Cercle d’étude de la Déportation et de la Shoah

Mémorial de l’ancienne gare de déportation de Bobigny

À Bobigny : Un mémorial à ciel ouvert
lundi 24 juillet 2023

18 juillet 1943 premier convoi de déportation de juifs depuis la gare de Bobigny,
18 juillet 2023, inauguration d’un mémorial dans l’ancienne gare de Bobigny

À Bobigny : Un mémorial à ciel ouvert

18 juillet 1943 premier convoi de déportation de juifs depuis la gare de Bobigny,
18 juillet 2023, inauguration d’un mémorial dans l’ancienne gare de Bobigny

Stèles des premiers convois, Photo Daniel Aleksandrowicz
  • La gare


    Gare de Bobigny
    Photo Daniel Aleksandrowicz

    Choisie par les nazis pour sa relative discrétion car située en contrebas d’une route, à moins de 3 km du camp de Drancy, la gare de Bobigny alors désaffectée pour les voyageurs, devient, à la place de la gare du Bourget, la gare de déportation des Juifs de France, du 18 juillet 1943 à août 1944. Conduits en autobus jusqu’au pied du train qui les attend devant la halle aux marchandises, 22 500 hommes, femmes et enfants juifs sont emmenés en 21 convois, durant un an, vers les centres de mise à mort (Auschwitz-Birkenau, Kaunas…).

Parmi eux, Alfred et Yvonne Bickart (64 et 56 ans), mes grands-parents, et mon arrière-grand-mère, Babette Blum (90 ans) ; arrêtés le 19 avril 1944 en zone sud, à Cahors où ils étaient réfugiés, internés à la prison Saint-Michel de Toulouse, transférés à Drancy, le 4 mai, déportés par le convoi 74 du 20 mai 1944.








Cette ancienne gare est le seul exemple en France de site ferroviaire ayant servi à la déportation des Juifs encore proche de son état d’origine.
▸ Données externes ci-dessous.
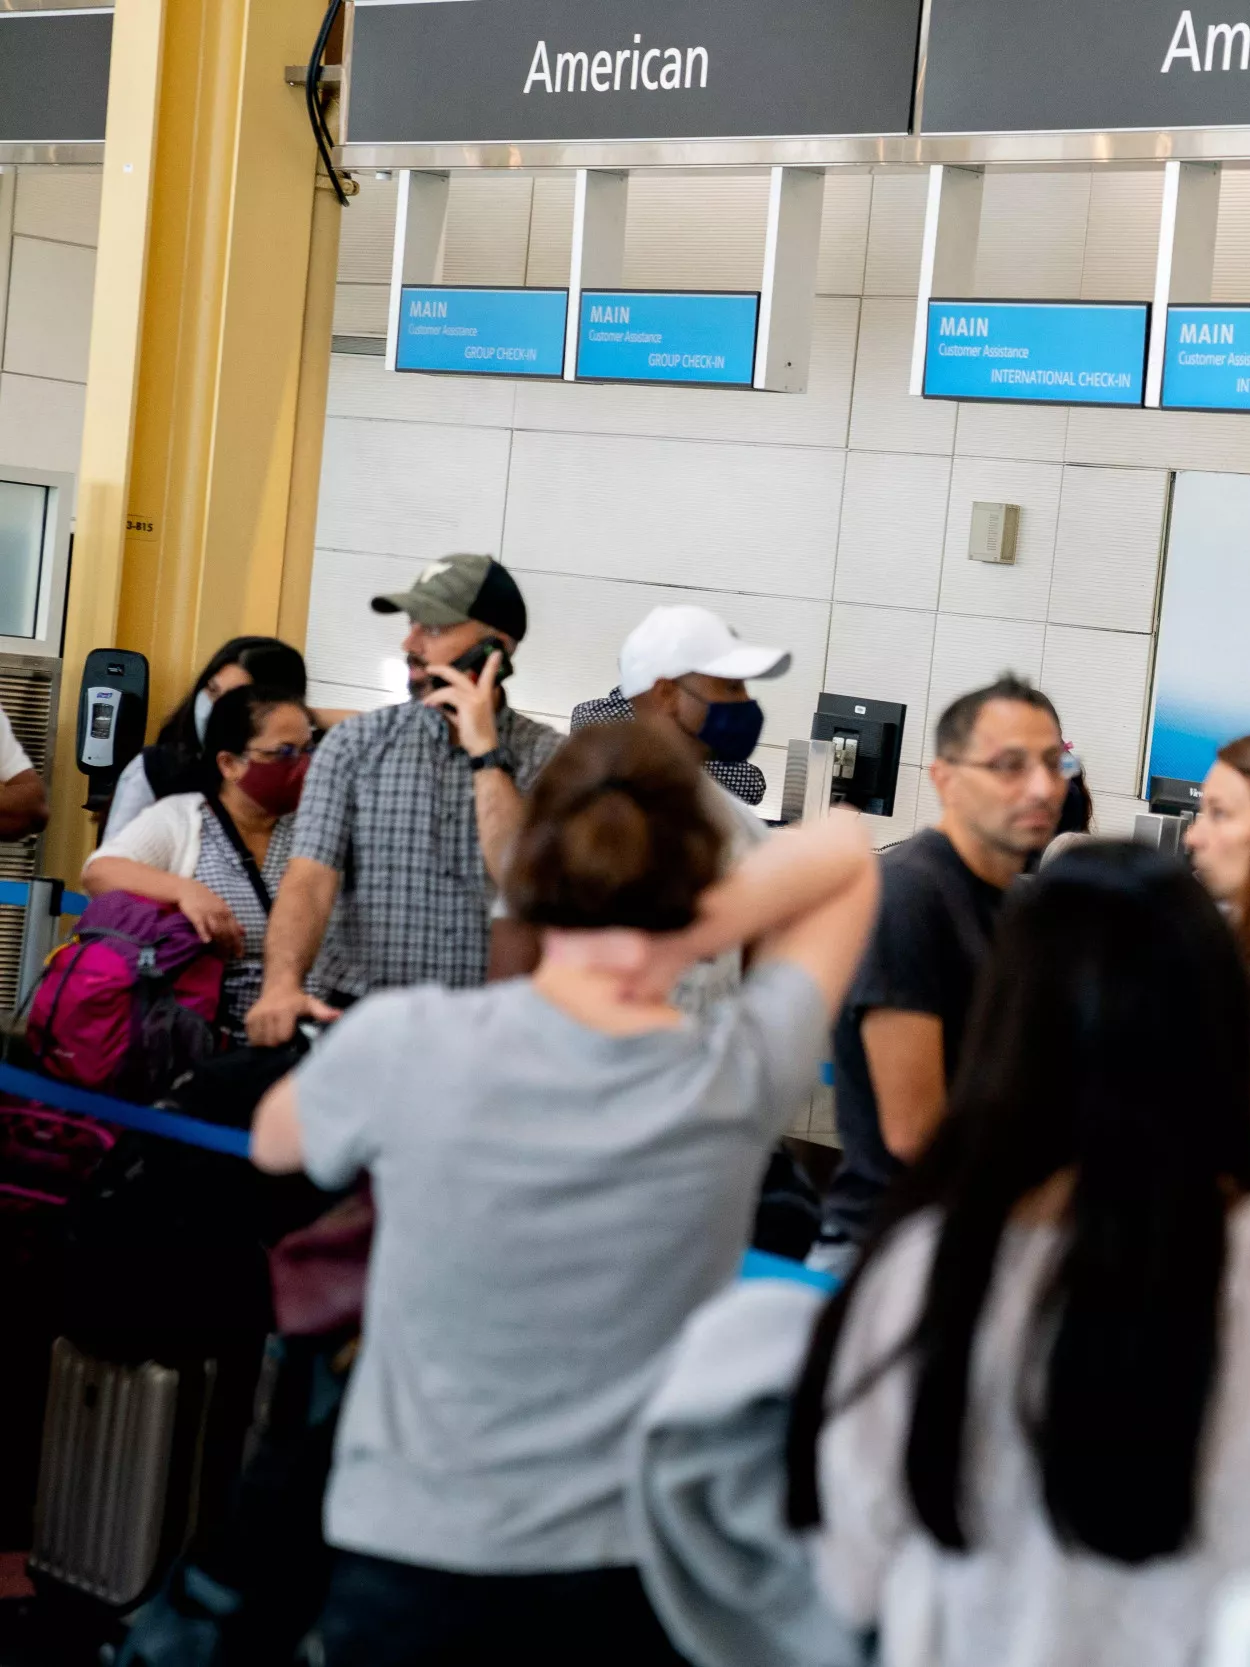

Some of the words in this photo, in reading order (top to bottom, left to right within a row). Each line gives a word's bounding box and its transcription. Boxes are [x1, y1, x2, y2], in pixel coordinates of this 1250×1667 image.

[523, 33, 709, 94] American
[409, 301, 448, 318] MAIN
[590, 305, 630, 324] MAIN
[408, 323, 442, 336] Customer
[442, 325, 478, 337] Assistance
[939, 317, 989, 337] MAIN
[1179, 323, 1234, 345] MAIN
[588, 329, 624, 342] Customer
[624, 330, 662, 343] Assistance
[464, 346, 496, 360] GROUP
[496, 347, 537, 361] CHECK-IN
[938, 343, 982, 357] Customer
[982, 345, 1030, 359] Assistance
[1178, 351, 1226, 366] Customer
[648, 353, 679, 368] GROUP
[681, 354, 725, 369] CHECK-IN
[991, 369, 1075, 386] INTERNATIONAL
[1077, 371, 1131, 388] CHECK-IN
Sauvée de la démolition, grâce à un projet piloté par la municipalité de Bobigny avec la SNCF et en partenariat avec plusieurs institutions, ce site mémoriel et pédagogique a été inauguré mardi 18 juillet 2023, pour le 80e anniversaire du départ du premier convoi lors d’une cérémonie belle et émouvante, parfaitement organisée, ponctuée de discours, de témoignages et de morceaux de musique écrits dans les camps, interprétés par l’Ensemble de Musique Incidentale.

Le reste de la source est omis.